+++ RECORDS SUPPLIED +++
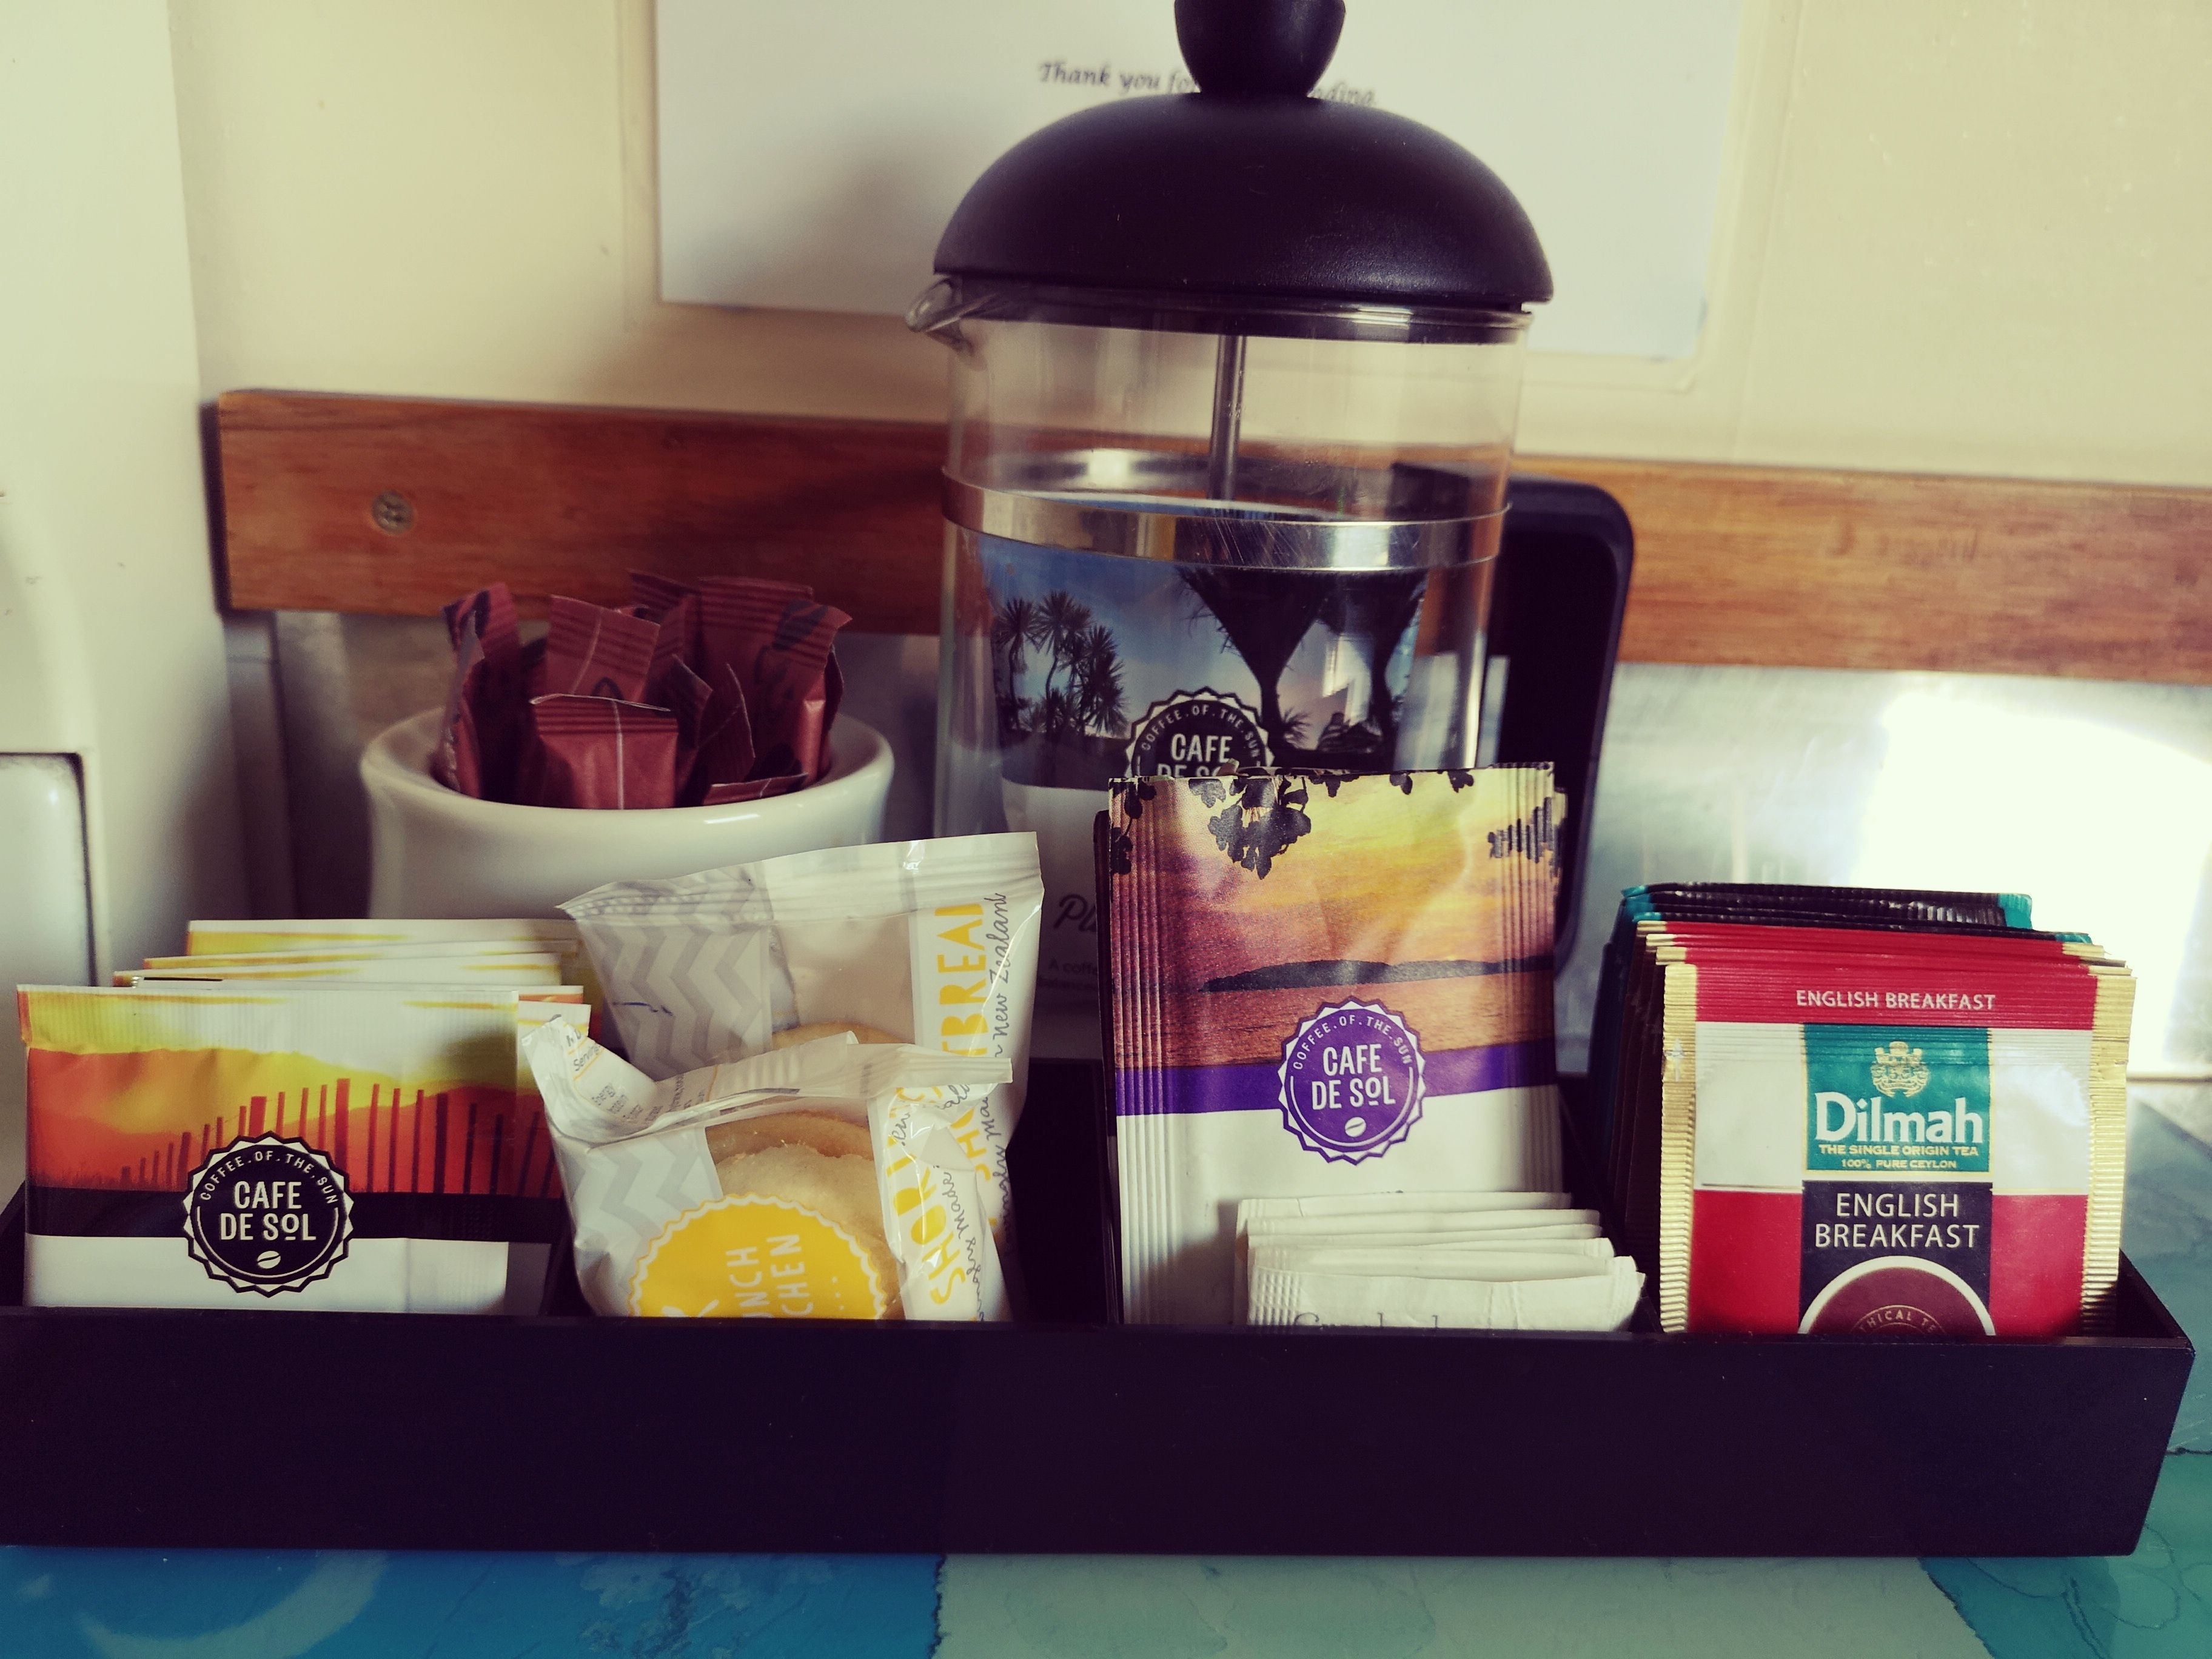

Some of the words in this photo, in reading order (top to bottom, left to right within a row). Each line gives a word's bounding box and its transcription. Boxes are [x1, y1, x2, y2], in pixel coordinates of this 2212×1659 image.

[1040, 60, 1111, 86] Thank
[1119, 73, 1161, 93] you
[1167, 69, 1200, 93] fo
[1141, 709, 1182, 751] COFFEE
[1191, 704, 1210, 716] OF
[1220, 708, 1244, 728] THE
[1244, 731, 1261, 758] SUN
[1171, 733, 1233, 763] CAFE
[1796, 990, 1879, 1008] ENGLISH
[1885, 992, 1996, 1010] BREAKFAST
[1293, 1022, 1332, 1070] COFFEE
[1339, 1014, 1356, 1026] OF
[1366, 1016, 1392, 1035] THE
[1393, 1036, 1413, 1064] SUN
[1322, 1043, 1383, 1076] CAFE
[1311, 1079, 1342, 1110] DE
[1814, 1091, 1983, 1144] Dilmah
[1818, 1144, 1846, 1155] THE
[1849, 1144, 1900, 1155] SINGLE
[1902, 1145, 1949, 1156] ORIGIN
[1952, 1146, 1979, 1156] TEA
[1842, 1158, 1872, 1170] 100%
[1875, 1159, 1908, 1168] PURE
[1909, 1159, 1957, 1169] CEYLON
[200, 1156, 245, 1201] COFFEE
[255, 1150, 273, 1161] OF
[286, 1153, 314, 1173] THE
[316, 1175, 338, 1204] SUN
[234, 1181, 303, 1209] CAFE
[1836, 1192, 1959, 1218] ENGLISH
[220, 1213, 254, 1241] DE
[1815, 1223, 1980, 1249] BREAKFAST
[766, 1234, 814, 1316] CHEN
[1858, 1309, 1912, 1333] THICAL
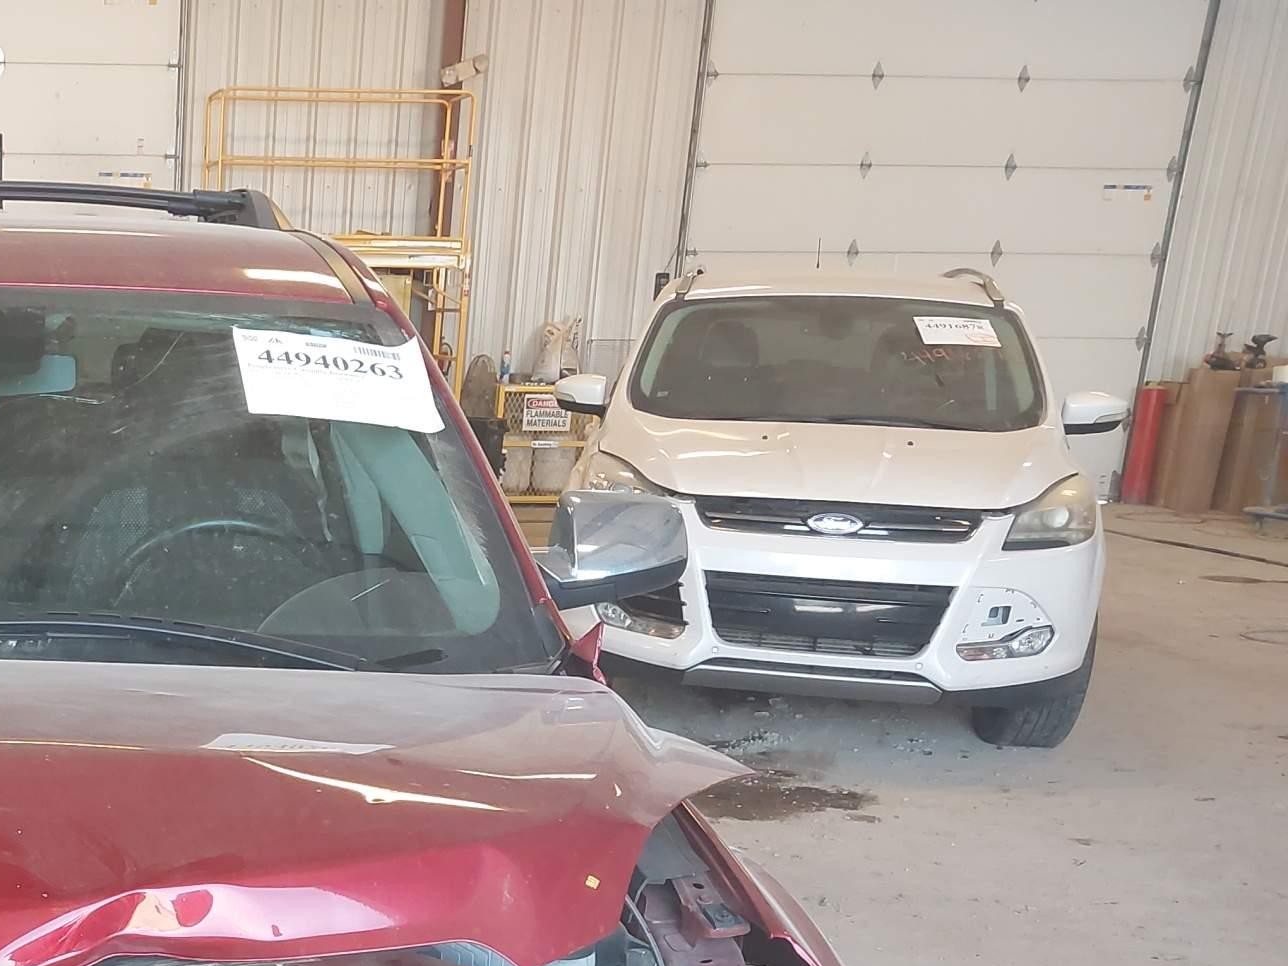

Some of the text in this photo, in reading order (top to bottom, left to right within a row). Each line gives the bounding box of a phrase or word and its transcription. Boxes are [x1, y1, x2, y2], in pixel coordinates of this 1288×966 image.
+++
TASK DIRECTIONS
Output the whole listing again, exactly, without its pictures.

TASK OUTPUT
Some of the words in this photo, in reading order (top to bottom, left to right within a row). Each line gives a word's bounding box and its transcription. Boxes are [x1, y1, x2, y2], in pixel coordinates of this 2212×1659 image.

[1040, 60, 1111, 86] Thank
[1119, 73, 1161, 93] you
[1167, 69, 1200, 93] fo
[1141, 709, 1182, 751] COFFEE
[1191, 704, 1210, 716] OF
[1220, 708, 1244, 728] THE
[1244, 731, 1261, 758] SUN
[1171, 733, 1233, 763] CAFE
[1796, 990, 1879, 1008] ENGLISH
[1885, 992, 1996, 1010] BREAKFAST
[1293, 1022, 1332, 1070] COFFEE
[1339, 1014, 1356, 1026] OF
[1366, 1016, 1392, 1035] THE
[1393, 1036, 1413, 1064] SUN
[1322, 1043, 1383, 1076] CAFE
[1311, 1079, 1342, 1110] DE
[1814, 1091, 1983, 1144] Dilmah
[1818, 1144, 1846, 1155] THE
[1849, 1144, 1900, 1155] SINGLE
[1902, 1145, 1949, 1156] ORIGIN
[1952, 1146, 1979, 1156] TEA
[1842, 1158, 1872, 1170] 100%
[1875, 1159, 1908, 1168] PURE
[1909, 1159, 1957, 1169] CEYLON
[200, 1156, 245, 1201] COFFEE
[255, 1150, 273, 1161] OF
[286, 1153, 314, 1173] THE
[316, 1175, 338, 1204] SUN
[234, 1181, 303, 1209] CAFE
[1836, 1192, 1959, 1218] ENGLISH
[220, 1213, 254, 1241] DE
[1815, 1223, 1980, 1249] BREAKFAST
[766, 1234, 814, 1316] CHEN
[1858, 1309, 1912, 1333] THICAL

Some of the text in this photo, in reading order (top to bottom, left to right within a row). Each line gives the bounding box of a phrase or word and its transcription. Boxes are [x1, y1, x2, y2], in pixel coordinates of this 1288×966 image.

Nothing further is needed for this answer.